From:Gregory Gadow <techbear@...>
Date:Sunday, October 5, 2008, 4:58
The genitive sounds good, but I am already using that as one of two possessive
cases (the other is, oddly enough, the possessive.) The genitive is used to
show something as the creation of something else ("John's book [that he wrote]"
as distinct from "John's book [that he owns]"), as being from somewhere ("Anne
of Green Gables") and to show family and other interpersonal relationships ("my
mother", "her business associate.")

Actually, I've started leaning towards having a single case which shows the indirect
object of a ditransitive verb, regardless of whether this beneficiary is the
giver or receiver. That makes a bit more sense.
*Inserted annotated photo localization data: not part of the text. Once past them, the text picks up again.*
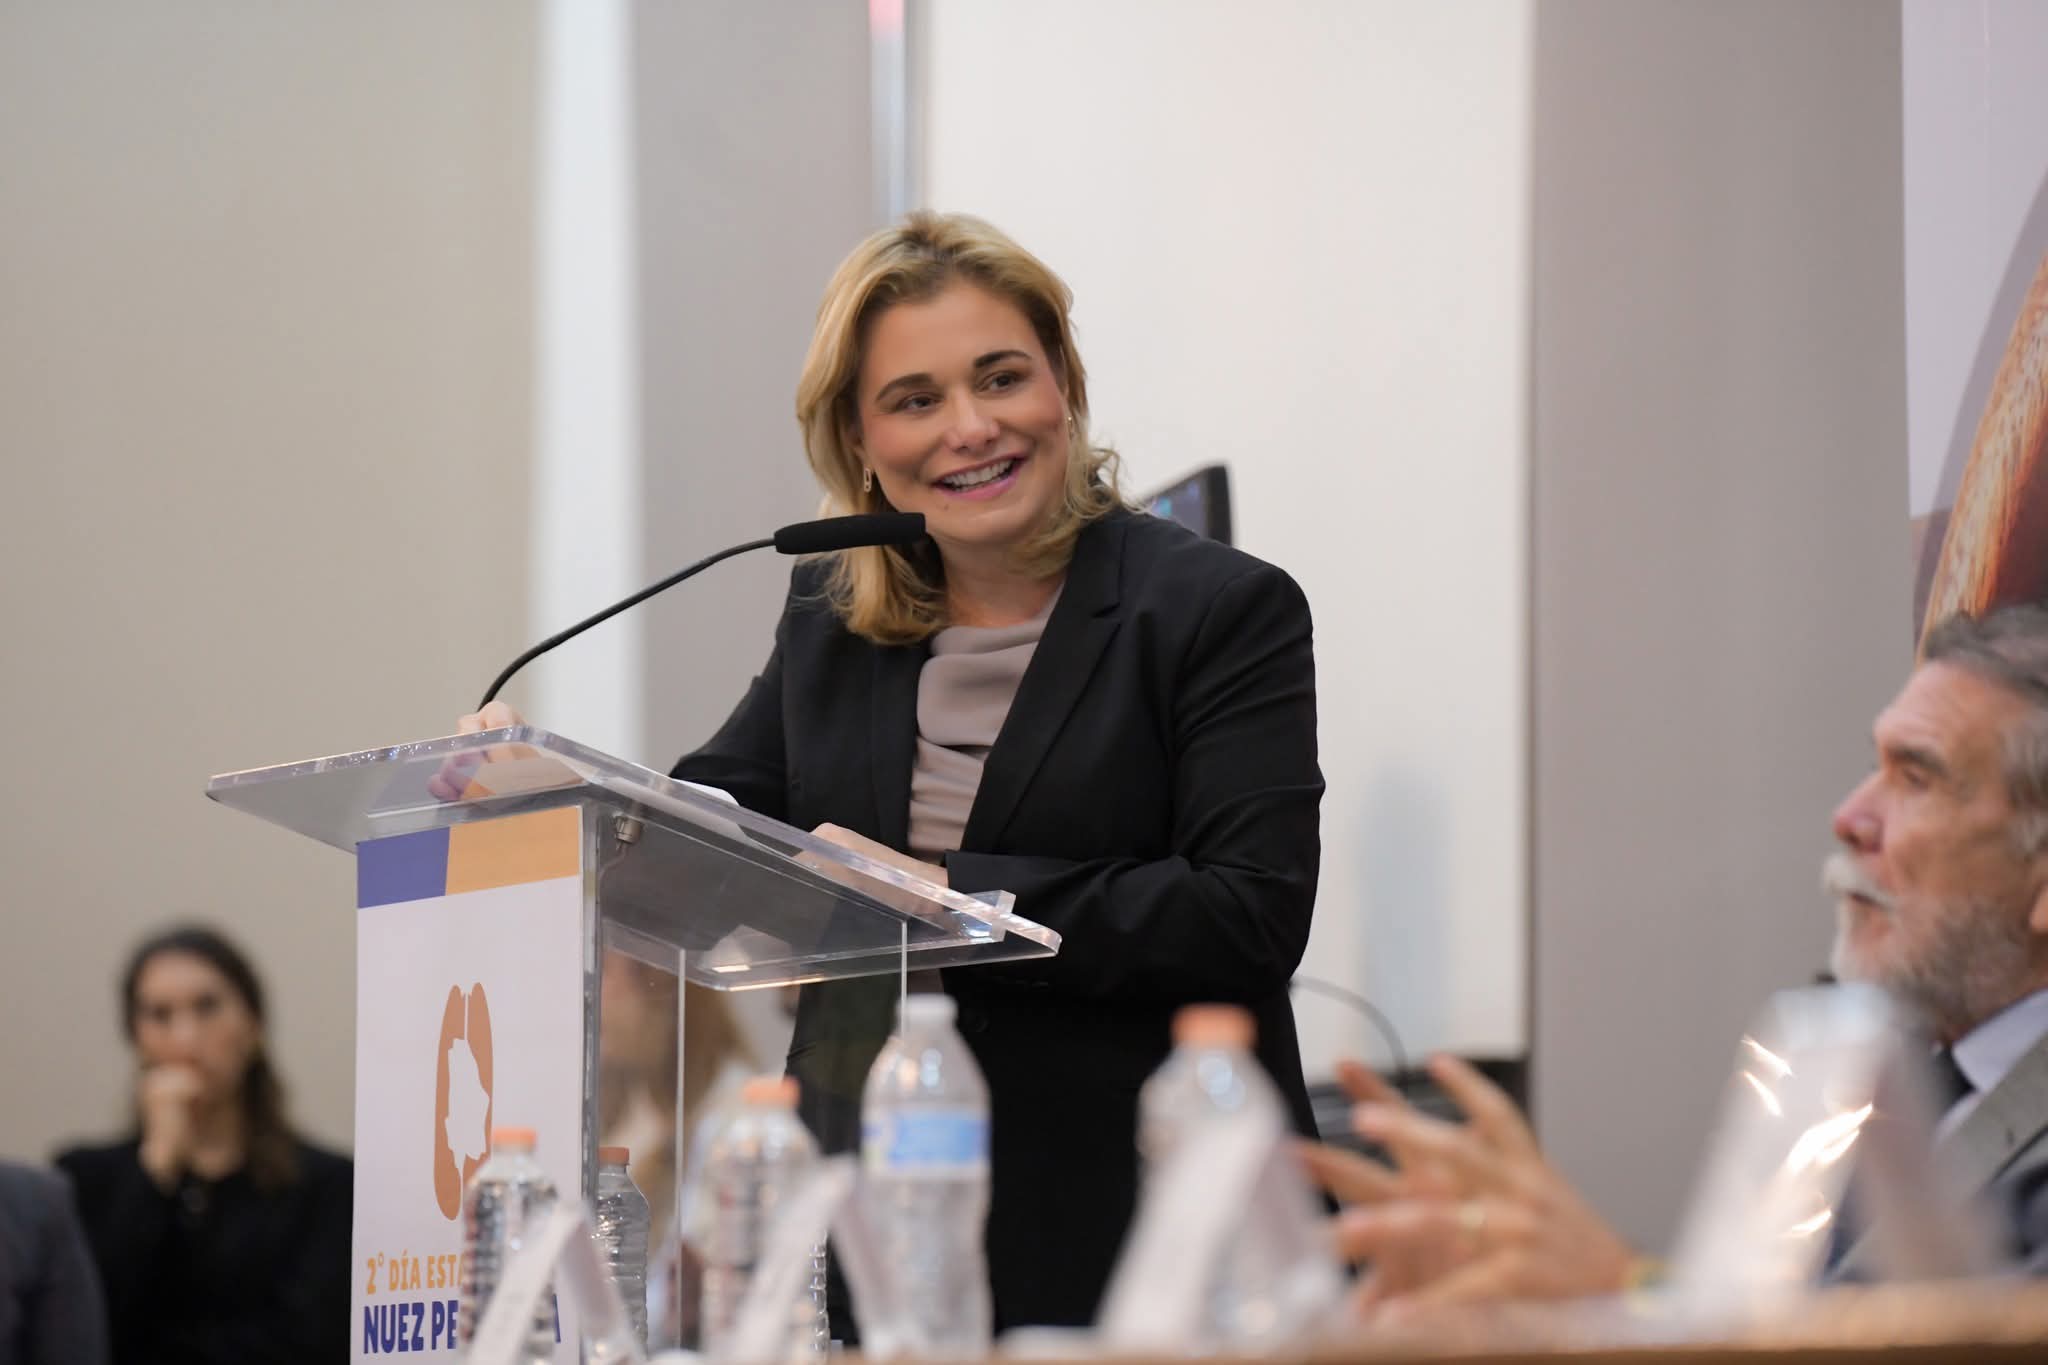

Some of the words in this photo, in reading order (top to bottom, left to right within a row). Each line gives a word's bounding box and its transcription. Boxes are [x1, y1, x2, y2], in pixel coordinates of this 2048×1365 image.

[389, 1250, 421, 1291] DÍA
[427, 1253, 465, 1289] ESTA
[363, 1302, 424, 1354] NUEZ
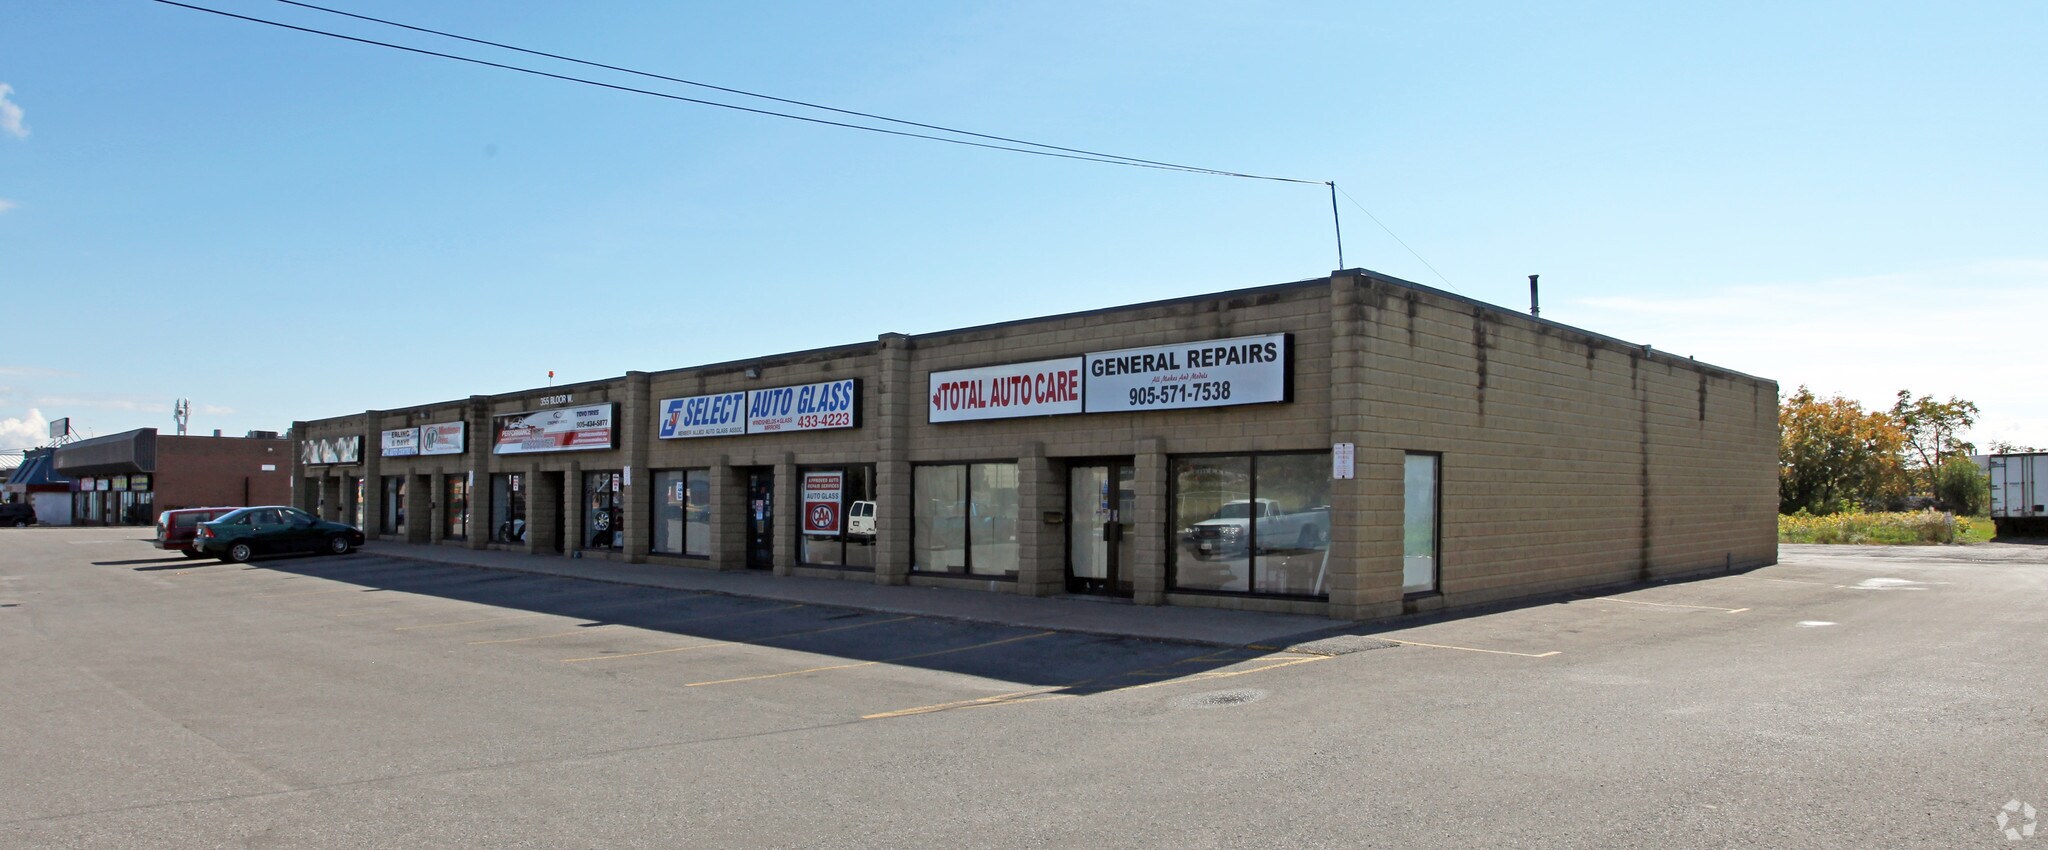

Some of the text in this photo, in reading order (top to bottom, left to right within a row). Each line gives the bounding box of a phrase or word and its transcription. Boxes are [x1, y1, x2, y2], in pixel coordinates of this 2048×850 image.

[1091, 342, 1277, 377] GENERAL REPAIRS
[941, 369, 1078, 411] TOTAL AUTO CARE
[1151, 372, 1208, 383] All Makes And Models
[540, 397, 550, 406] 355
[550, 394, 566, 405] BLOOR
[749, 381, 853, 418] AUTO GLASS
[1129, 380, 1231, 406] 905-571-7538
[683, 394, 744, 427] SELECT
[797, 412, 850, 428] 433-4223
[813, 507, 830, 525] CAA
I may as well call that case
the dative. It just bugs me that the dative is always described as the
recipient and never as the giver.

Gregg

-----Original Message-----
From: Constructed Languages List [mailto:CONLANG@listserv.brown.edu] On Behalf Of Mark J. Reed
Sent: Saturday, October 04, 2008 5:01 PM
To: CONLANG@listserv.brown.edu
Subject: Re: [CONLANG] What case is the inverse of the dative?

IANALinguist, but I think the allative case is often a specialization
of the dative.  That is, languages which have an allative case
probably also have a dative case, but many languages with a dative
have no allative, and often use the dative for the purpose.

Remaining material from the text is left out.